TASK TO CARRY OUT: For the records shown below, return an exact copy that excludes the pictures.
--- DATA FOR THE TASK Enclosed Below ---
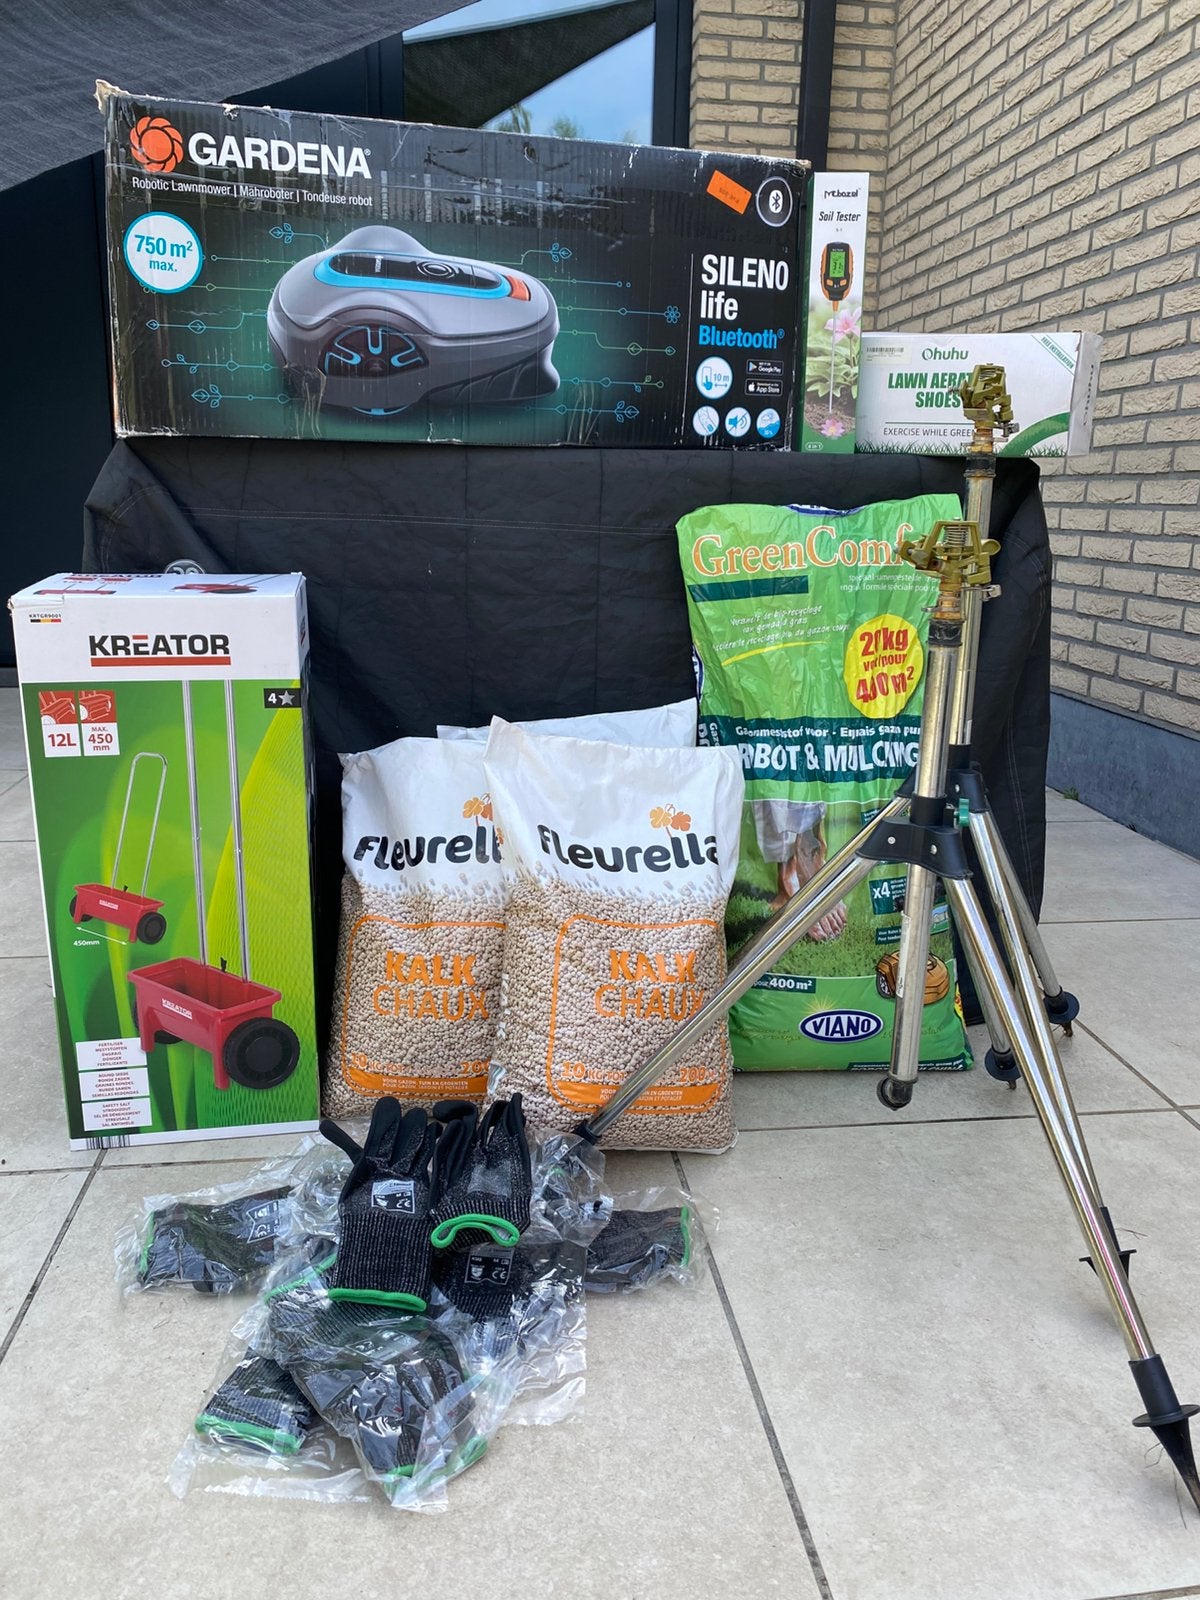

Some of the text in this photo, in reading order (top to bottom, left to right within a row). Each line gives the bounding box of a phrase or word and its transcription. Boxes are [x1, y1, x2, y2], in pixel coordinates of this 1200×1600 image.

[132, 176, 169, 192] Robotic
[171, 180, 231, 197] Lawnmower
[239, 186, 294, 203] Mähroboter
[302, 190, 347, 205] Tondeuse
[348, 194, 373, 208] robot
[819, 211, 862, 222] Soil Tester
[134, 234, 167, 257] 750
[149, 258, 178, 273] max.
[702, 254, 790, 294] SILENO
[700, 290, 739, 321] life
[921, 347, 969, 362] Ohuhu
[714, 373, 722, 383] 10
[887, 372, 974, 390] LAWN AERAT
[915, 391, 961, 409] SHOES
[883, 428, 921, 438] EXERCISE
[922, 429, 948, 438] WHILE
[88, 634, 230, 657] KREATOR
[267, 692, 277, 704] 4
[47, 733, 77, 747] 12L
[88, 733, 113, 744] 450
[738, 742, 801, 771] RBOT
[803, 742, 820, 771] &
[353, 825, 502, 871] Fleurell
[537, 824, 719, 873] Fleurella
[872, 881, 891, 899] x4
[385, 950, 476, 986] KALK
[608, 948, 697, 984] KALK
[769, 977, 796, 990] 400
[372, 984, 490, 1022] CHAUX
[594, 983, 706, 1022] CHAUX
[811, 1015, 873, 1038] VIANO
[350, 1053, 367, 1069] 10
[562, 1060, 586, 1079] 10
[587, 1070, 602, 1081] KG
[679, 1066, 706, 1083] 200
--- End of Enclosed DATA FOR THE TASK ---
EXPECTED OUTPUT:
Some of the text in this photo, in reading order (top to bottom, left to right within a row). Each line gives the bounding box of a phrase or word and its transcription. Boxes are [x1, y1, x2, y2], in pixel coordinates of this 1200×1600 image.

[132, 176, 169, 192] Robotic
[171, 180, 231, 197] Lawnmower
[239, 186, 294, 203] Mähroboter
[302, 190, 347, 205] Tondeuse
[348, 194, 373, 208] robot
[819, 211, 862, 222] Soil Tester
[134, 234, 167, 257] 750
[149, 258, 178, 273] max.
[702, 254, 790, 294] SILENO
[700, 290, 739, 321] life
[921, 347, 969, 362] Ohuhu
[714, 373, 722, 383] 10
[887, 372, 974, 390] LAWN AERAT
[915, 391, 961, 409] SHOES
[883, 428, 921, 438] EXERCISE
[922, 429, 948, 438] WHILE
[88, 634, 230, 657] KREATOR
[267, 692, 277, 704] 4
[47, 733, 77, 747] 12L
[88, 733, 113, 744] 450
[738, 742, 801, 771] RBOT
[803, 742, 820, 771] &
[353, 825, 502, 871] Fleurell
[537, 824, 719, 873] Fleurella
[872, 881, 891, 899] x4
[385, 950, 476, 986] KALK
[608, 948, 697, 984] KALK
[769, 977, 796, 990] 400
[372, 984, 490, 1022] CHAUX
[594, 983, 706, 1022] CHAUX
[811, 1015, 873, 1038] VIANO
[350, 1053, 367, 1069] 10
[562, 1060, 586, 1079] 10
[587, 1070, 602, 1081] KG
[679, 1066, 706, 1083] 200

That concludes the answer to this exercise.